Question

1. a block weighing 15 newtons is pulled to the top of an incline that is 0.20 meter above the ground, as shown below. if 4.0 joules of work are needed to pull the block the full length of the incline, how much work is done against friction? explain.

Explanation:

Step1: Calculate work done against gravity

The work done against gravity is given by the formula \( W_{gravity} = F \times d \), where \( F \) is the weight of the block (15 N) and \( d \) is the vertical distance (0.20 m). So, \( W_{gravity} = 15 \, \text{N} \times 0.20 \, \text{m} = 3.0 \, \text{J} \).
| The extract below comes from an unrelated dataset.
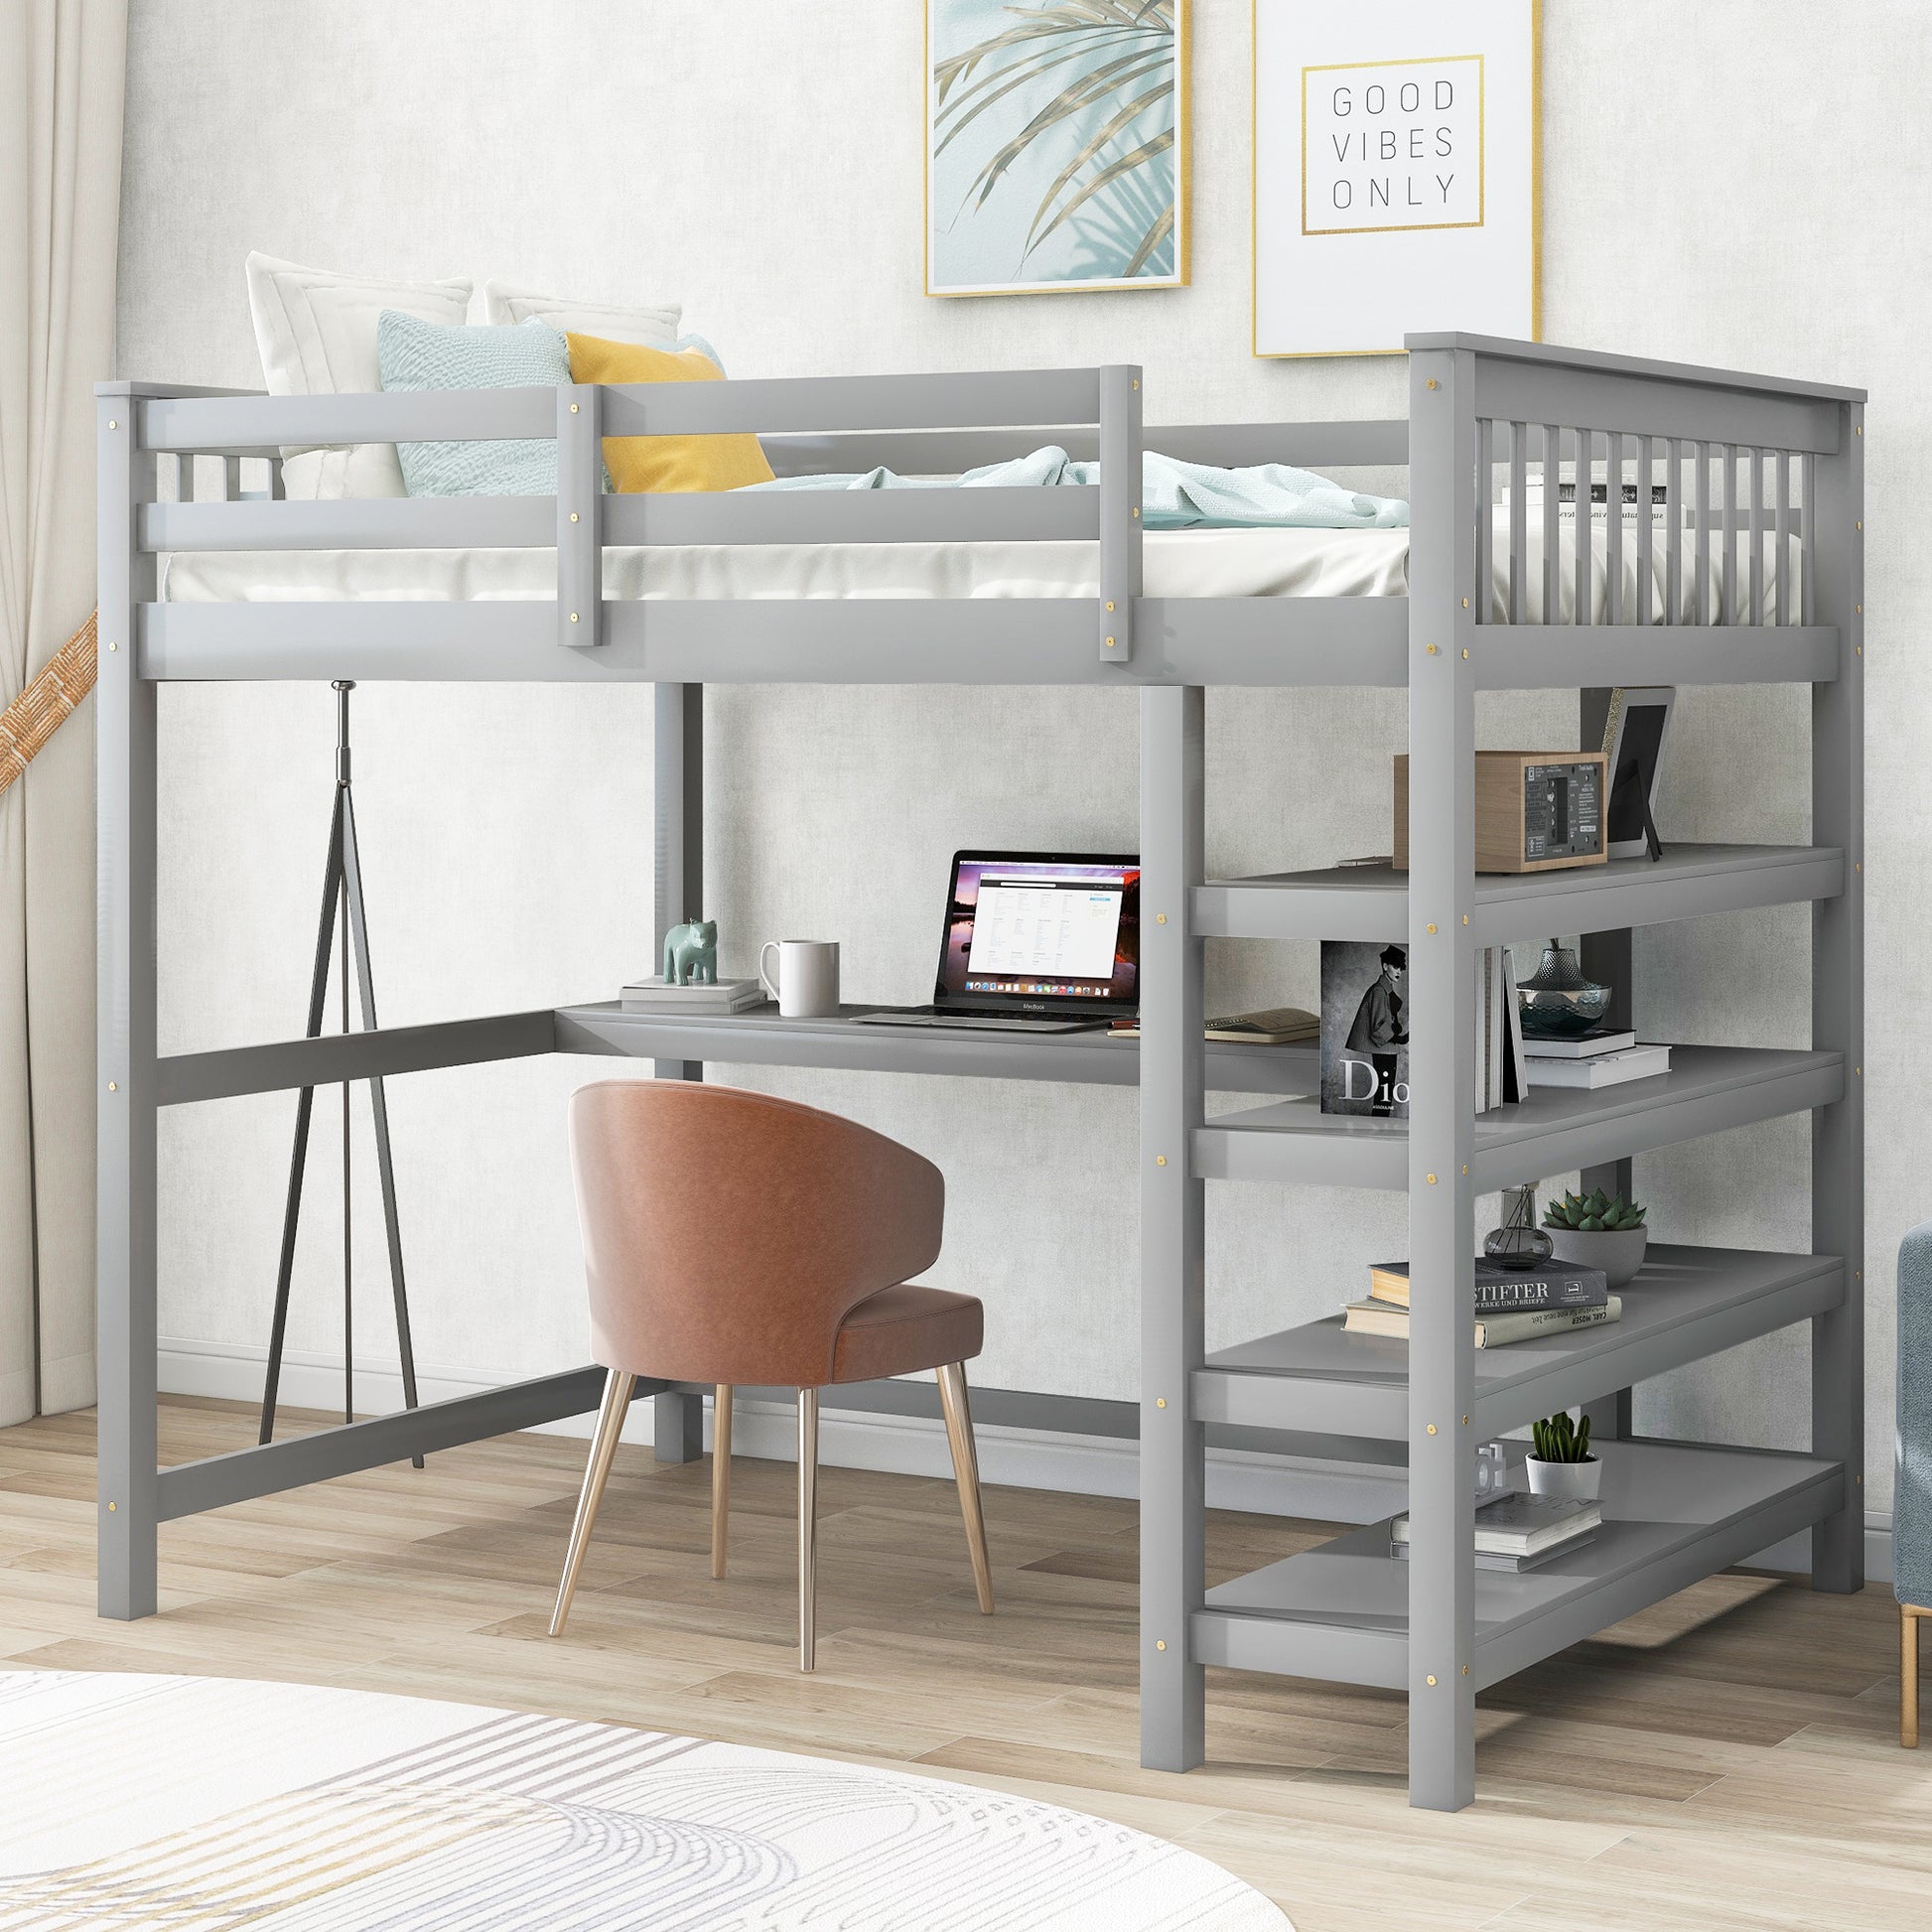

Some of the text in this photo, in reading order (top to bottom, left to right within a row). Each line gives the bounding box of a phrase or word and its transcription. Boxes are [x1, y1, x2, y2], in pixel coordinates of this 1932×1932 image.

[1332, 79, 1454, 117] GOOD
[1331, 126, 1453, 163] VIBES
[1332, 174, 1454, 209] ONLY
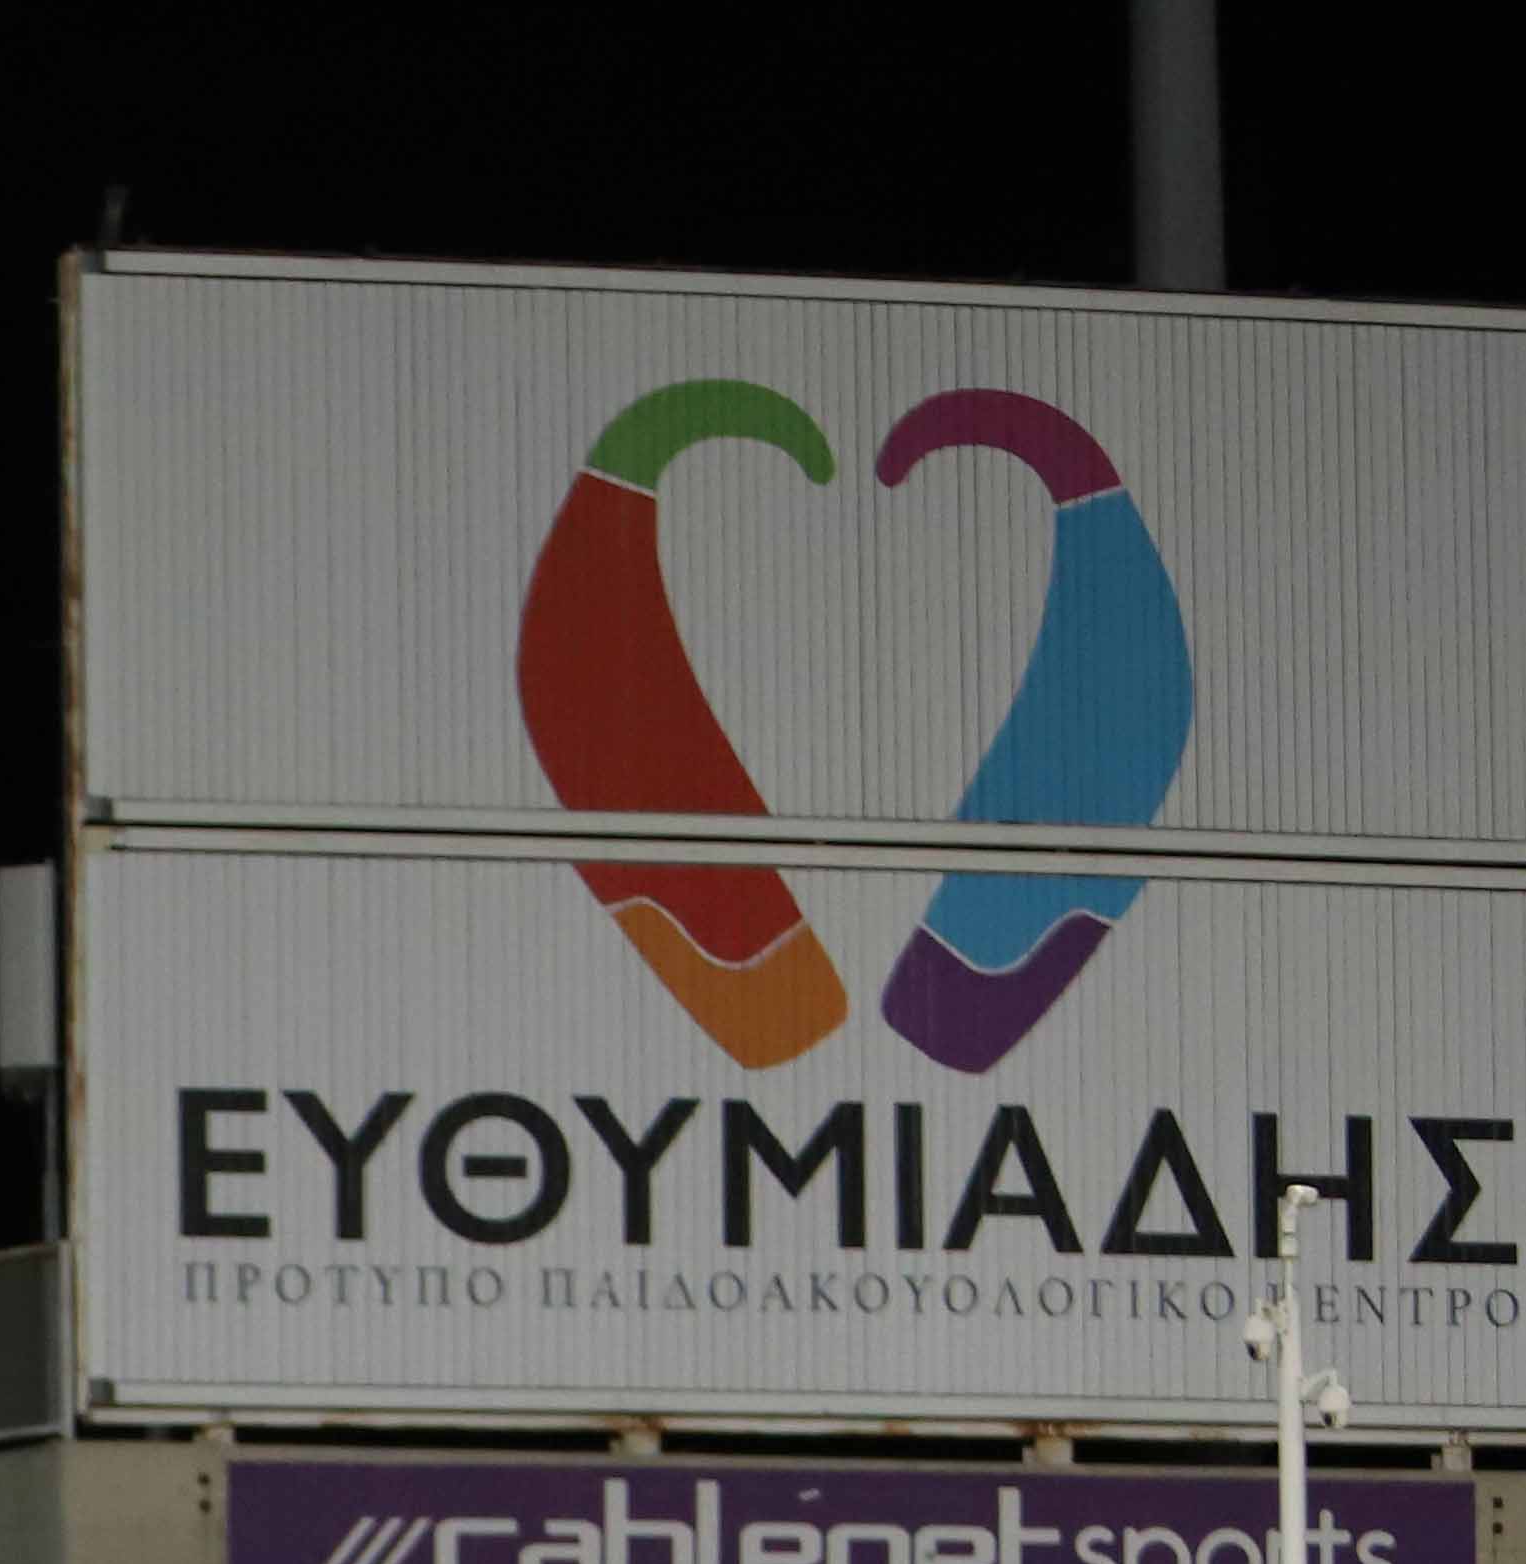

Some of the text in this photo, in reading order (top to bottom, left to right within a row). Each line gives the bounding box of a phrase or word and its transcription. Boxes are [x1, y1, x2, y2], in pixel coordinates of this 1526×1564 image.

Step2: Determine work done against friction

The total work done to pull the block (\( W_{total} = 4.0 \, \text{J} \)) is the sum of the work done against gravity (\( W_{gravity} \)) and the work done against friction (\( W_{friction} \)). So, \( W_{total} = W_{gravity} + W_{friction} \). Rearranging for \( W_{friction} \), we get \( W_{friction} = W_{total} - W_{gravity} \). Substituting the values, \( W_{friction} = 4.0 \, \text{J} - 3.0 \, \text{J} = 1.0 \, \text{J} \).

Answer:

The work done against friction is \( 1.0 \) joules.